··· Input records ···

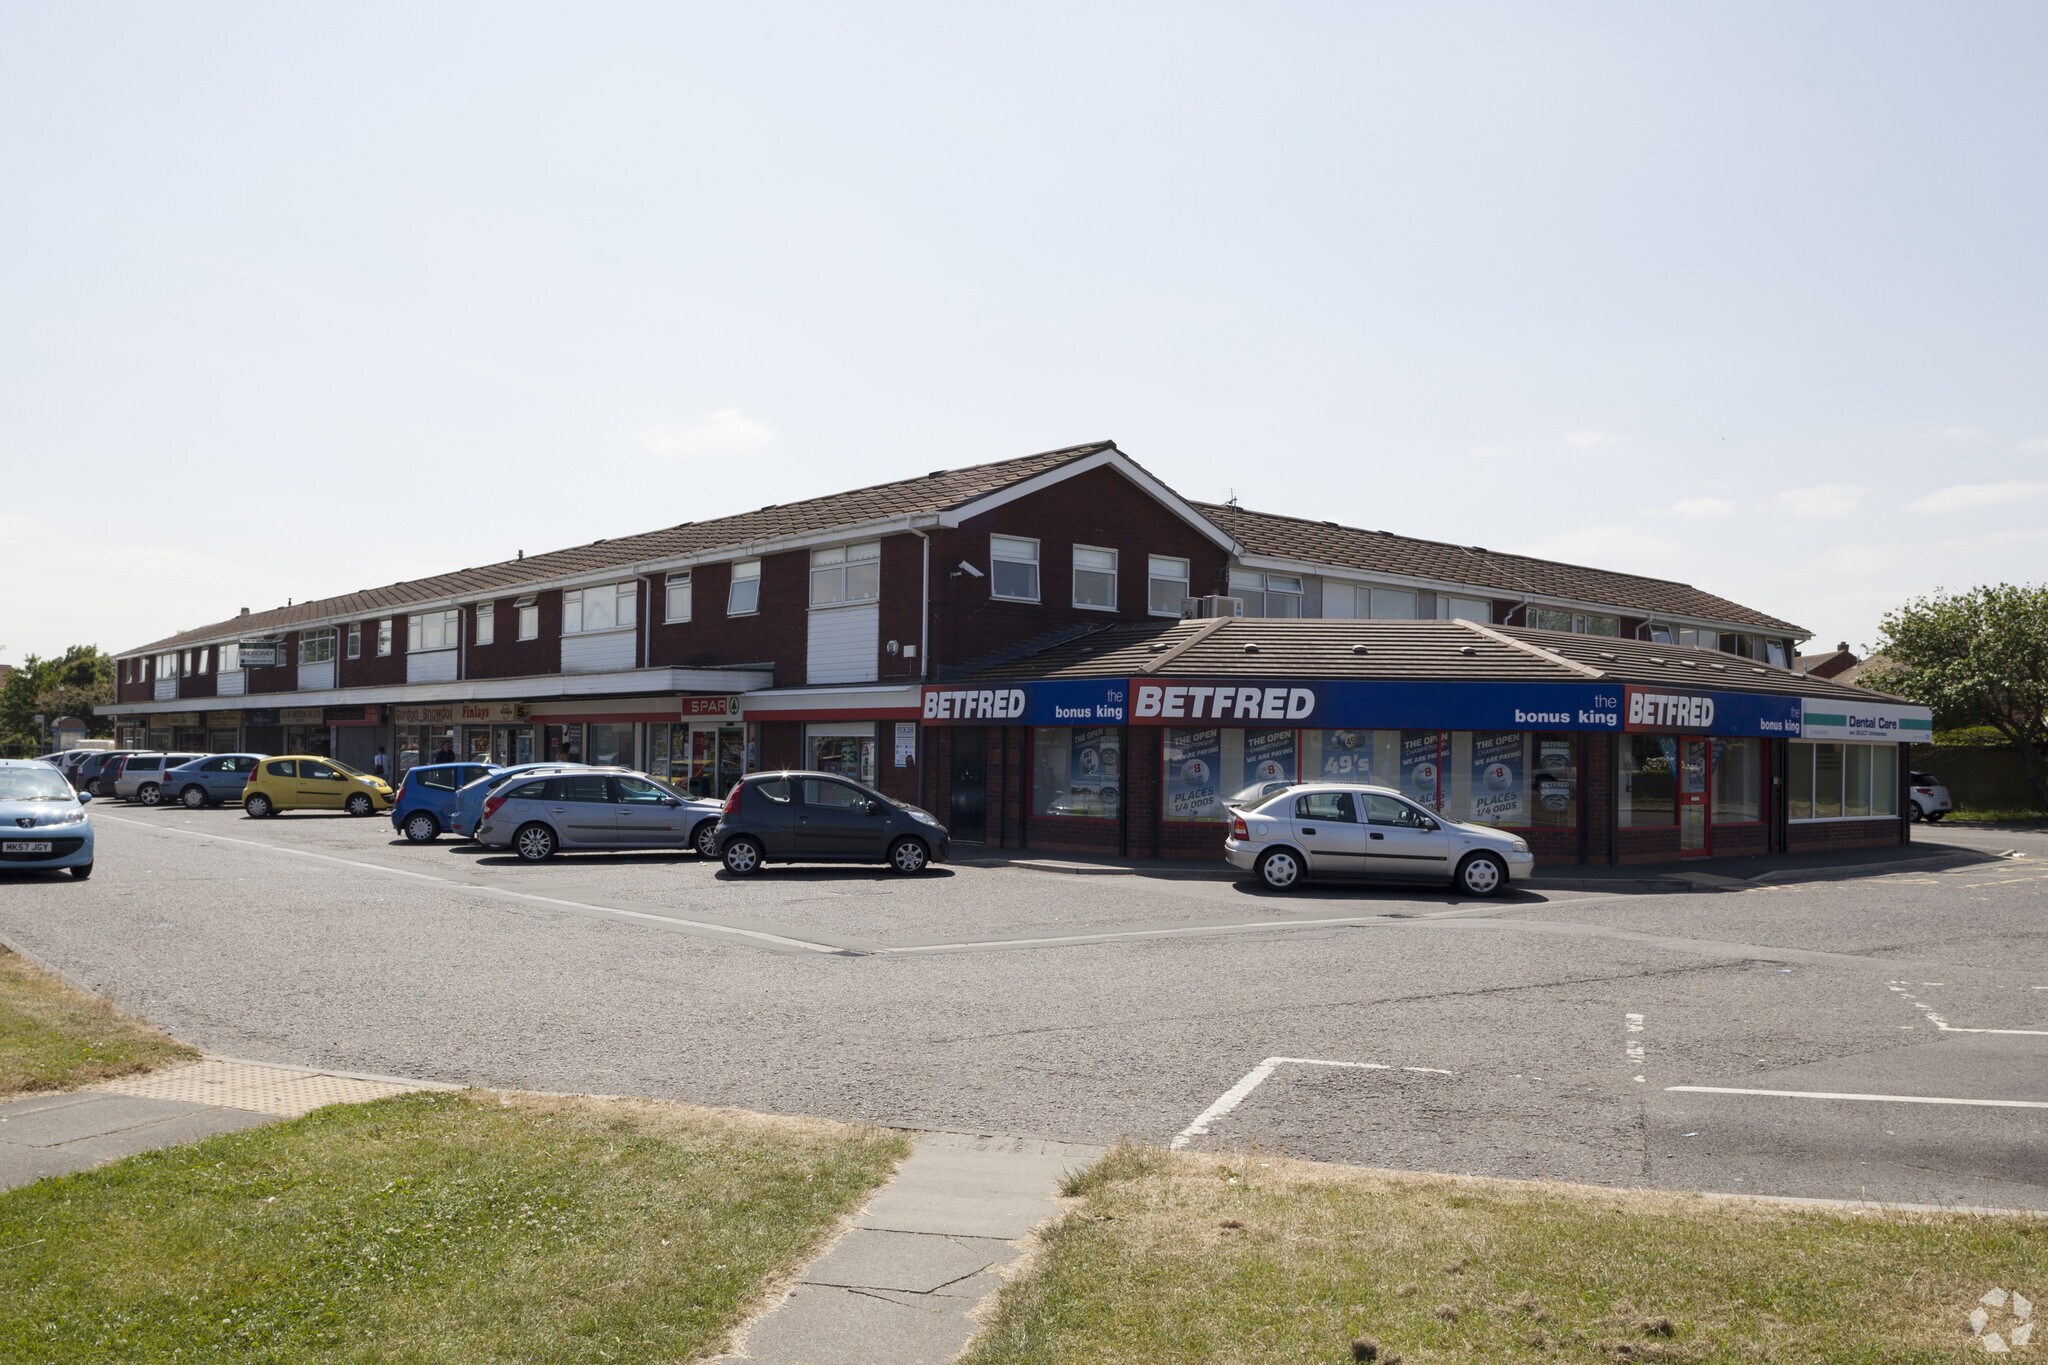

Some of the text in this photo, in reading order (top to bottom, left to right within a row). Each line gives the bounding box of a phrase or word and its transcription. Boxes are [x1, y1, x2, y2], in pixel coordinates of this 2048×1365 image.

[1107, 688, 1123, 702] the
[1135, 685, 1315, 719] BETFRED
[1594, 694, 1617, 708] the
[691, 700, 727, 713] SPAR
[923, 688, 1026, 719] BETFRED
[1629, 692, 1714, 727] BETFRED
[462, 705, 490, 719] Finlays
[1055, 705, 1123, 720] bonus king
[1515, 709, 1617, 727] bonus king
[1791, 706, 1800, 719] the
[1760, 718, 1783, 731] bonus
[1785, 719, 1800, 733] king
[1849, 715, 1897, 730] Dental Care
[1074, 728, 1103, 744] THE OPEN
[1174, 729, 1217, 745] THE OPEN
[1248, 730, 1291, 747] THE OPEN
[1404, 733, 1448, 749] THE OPN
[1476, 733, 1520, 750] THE OPEN
[1197, 746, 1219, 757] PAYING
[1246, 755, 1256, 763] WE
[1271, 747, 1293, 758] PAYING
[1402, 749, 1450, 766] WE ARE PAYNG
[1474, 759, 1485, 767] WE
[1499, 750, 1522, 761] PAYING
[1194, 763, 1201, 773] 8
[1267, 764, 1275, 774] 8
[1324, 754, 1370, 774] 49's
[1424, 767, 1432, 777] 8
[1495, 767, 1503, 778] 8
[1174, 786, 1214, 803] PLACES
[1476, 791, 1517, 808] PLACES
[1175, 797, 1214, 812] 1/4 ODDS
[1477, 801, 1517, 817] 1/4 ODDS
[6, 842, 48, 851] MK57 JGY
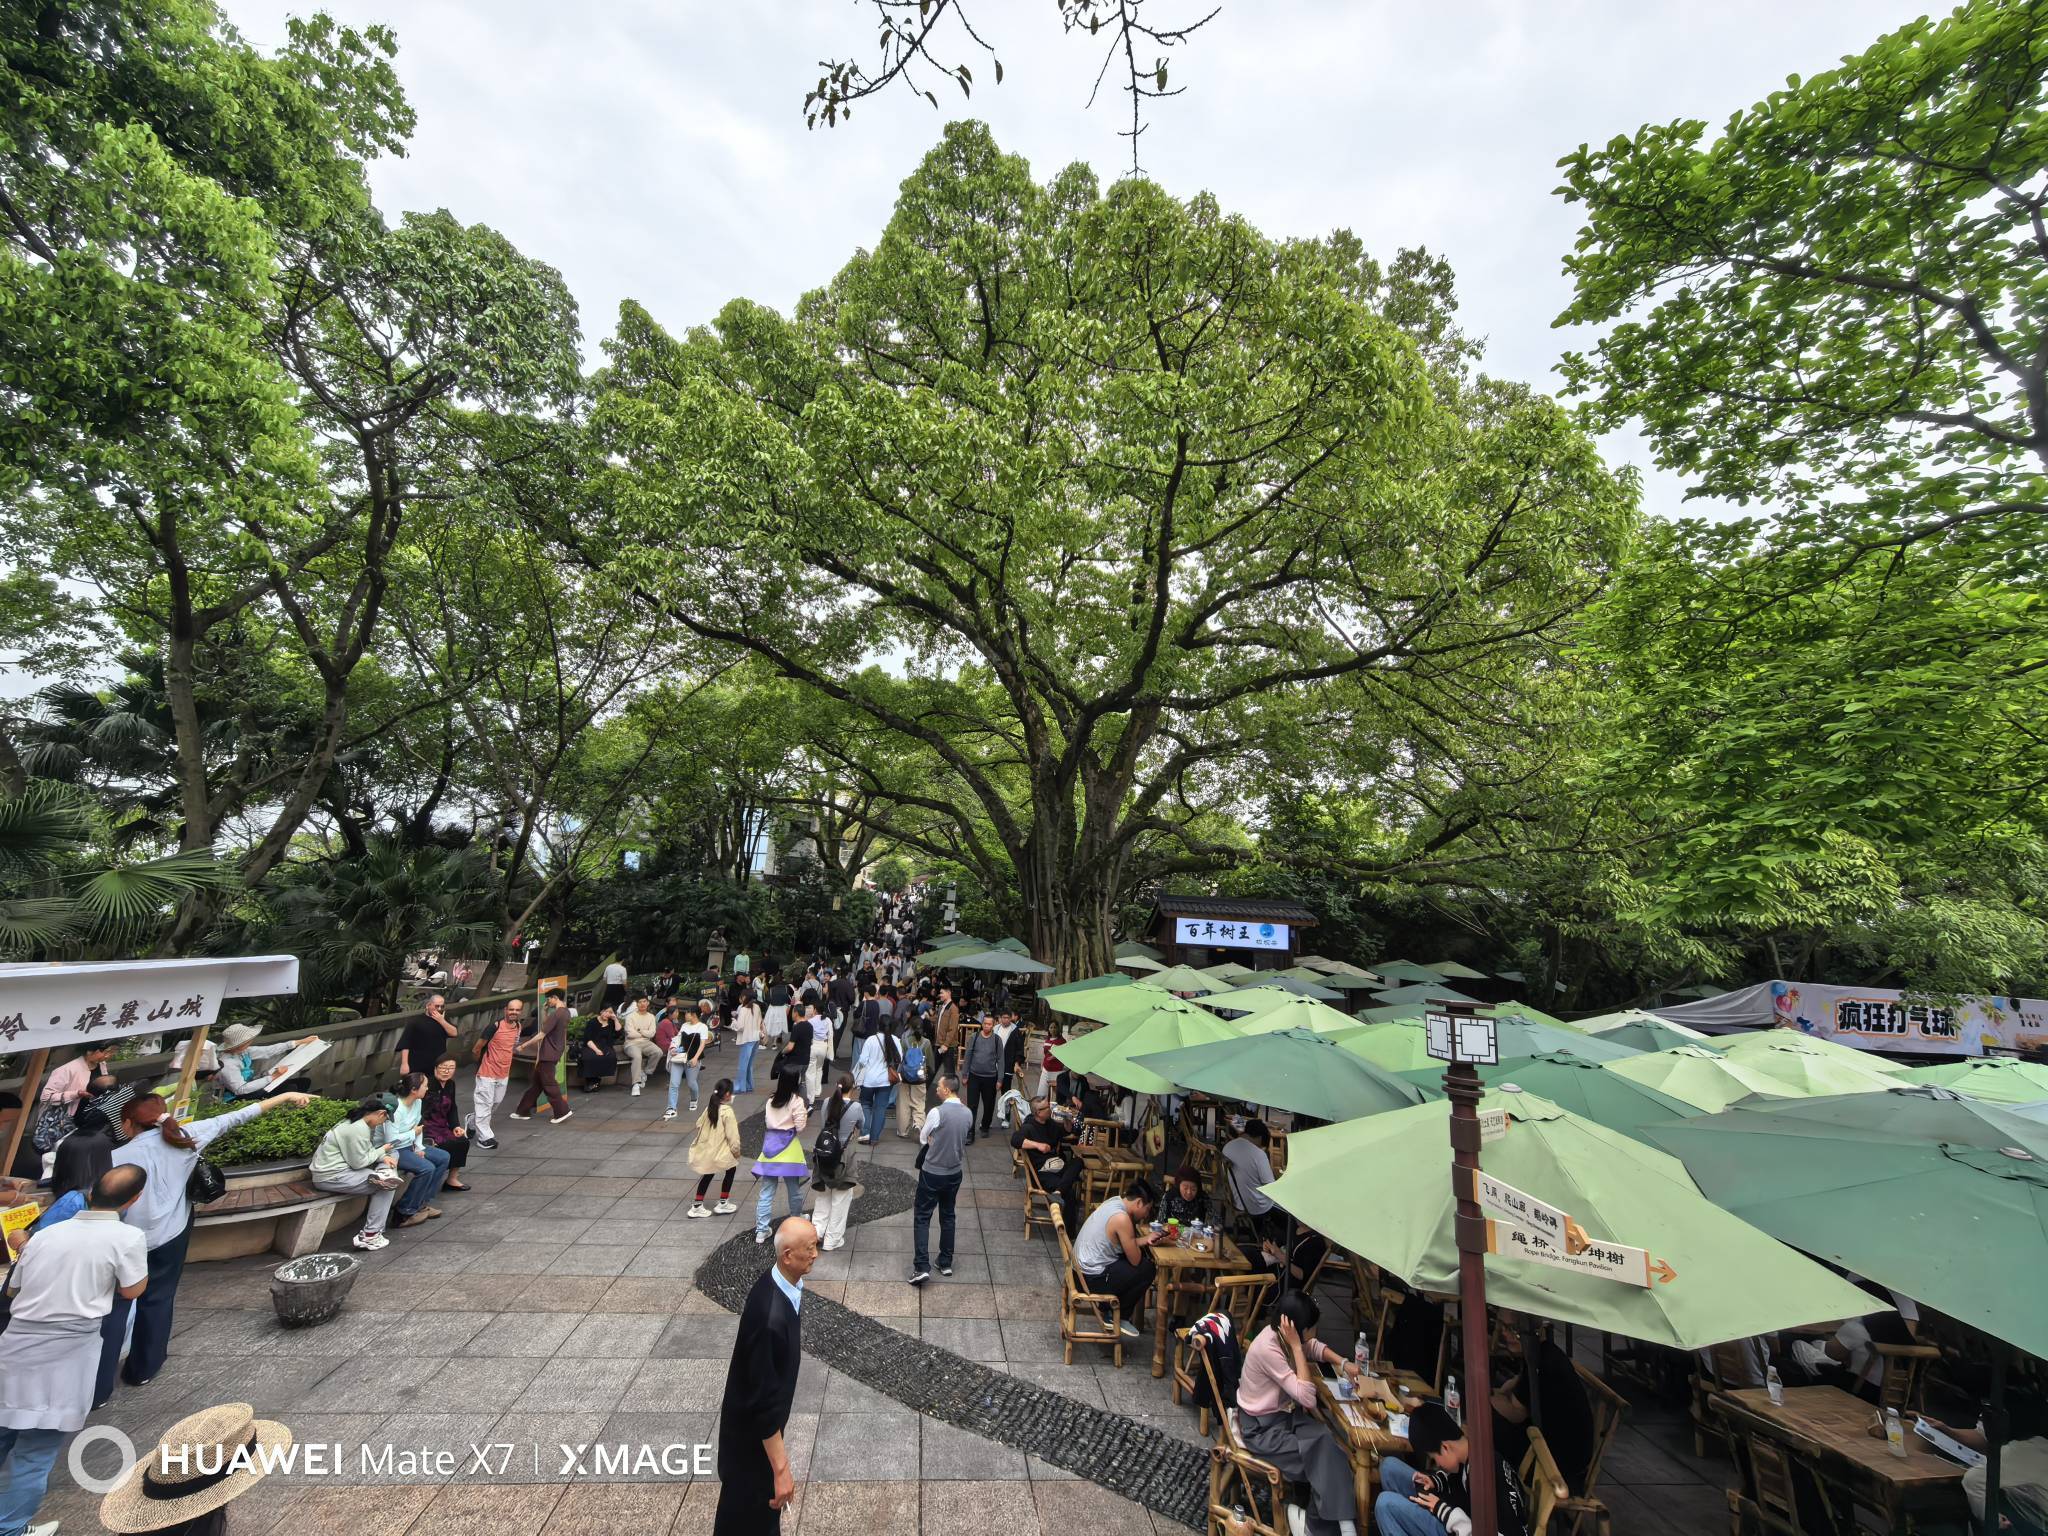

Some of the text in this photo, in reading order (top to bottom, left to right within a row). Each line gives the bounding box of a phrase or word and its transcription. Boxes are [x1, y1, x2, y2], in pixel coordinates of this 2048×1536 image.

[1185, 922, 1250, 940] 百年树王
[1839, 1002, 1956, 1036] 疯狂打气球
[1511, 1231, 1624, 1265] 绳桥、坤榭
[1524, 1247, 1540, 1256] Rope

···

• _Problem requirements_
Give back every entry verbatim. No pictures belong in the copy.

• _Answer space_
Some of the text in this photo, in reading order (top to bottom, left to right within a row). Each line gives the bounding box of a phrase or word and its transcription. Boxes are [x1, y1, x2, y2], in pixel coordinates of this 2048×1365 image.

[1107, 688, 1123, 702] the
[1135, 685, 1315, 719] BETFRED
[1594, 694, 1617, 708] the
[691, 700, 727, 713] SPAR
[923, 688, 1026, 719] BETFRED
[1629, 692, 1714, 727] BETFRED
[462, 705, 490, 719] Finlays
[1055, 705, 1123, 720] bonus king
[1515, 709, 1617, 727] bonus king
[1791, 706, 1800, 719] the
[1760, 718, 1783, 731] bonus
[1785, 719, 1800, 733] king
[1849, 715, 1897, 730] Dental Care
[1074, 728, 1103, 744] THE OPEN
[1174, 729, 1217, 745] THE OPEN
[1248, 730, 1291, 747] THE OPEN
[1404, 733, 1448, 749] THE OPN
[1476, 733, 1520, 750] THE OPEN
[1197, 746, 1219, 757] PAYING
[1246, 755, 1256, 763] WE
[1271, 747, 1293, 758] PAYING
[1402, 749, 1450, 766] WE ARE PAYNG
[1474, 759, 1485, 767] WE
[1499, 750, 1522, 761] PAYING
[1194, 763, 1201, 773] 8
[1267, 764, 1275, 774] 8
[1324, 754, 1370, 774] 49's
[1424, 767, 1432, 777] 8
[1495, 767, 1503, 778] 8
[1174, 786, 1214, 803] PLACES
[1476, 791, 1517, 808] PLACES
[1175, 797, 1214, 812] 1/4 ODDS
[1477, 801, 1517, 817] 1/4 ODDS
[6, 842, 48, 851] MK57 JGY

Some of the text in this photo, in reading order (top to bottom, left to right within a row). Each line gives the bounding box of a phrase or word and its transcription. Boxes are [x1, y1, x2, y2], in pixel coordinates of this 2048×1536 image.

[1185, 922, 1250, 940] 百年树王
[1839, 1002, 1956, 1036] 疯狂打气球
[1511, 1231, 1624, 1265] 绳桥、坤榭
[1524, 1247, 1540, 1256] Rope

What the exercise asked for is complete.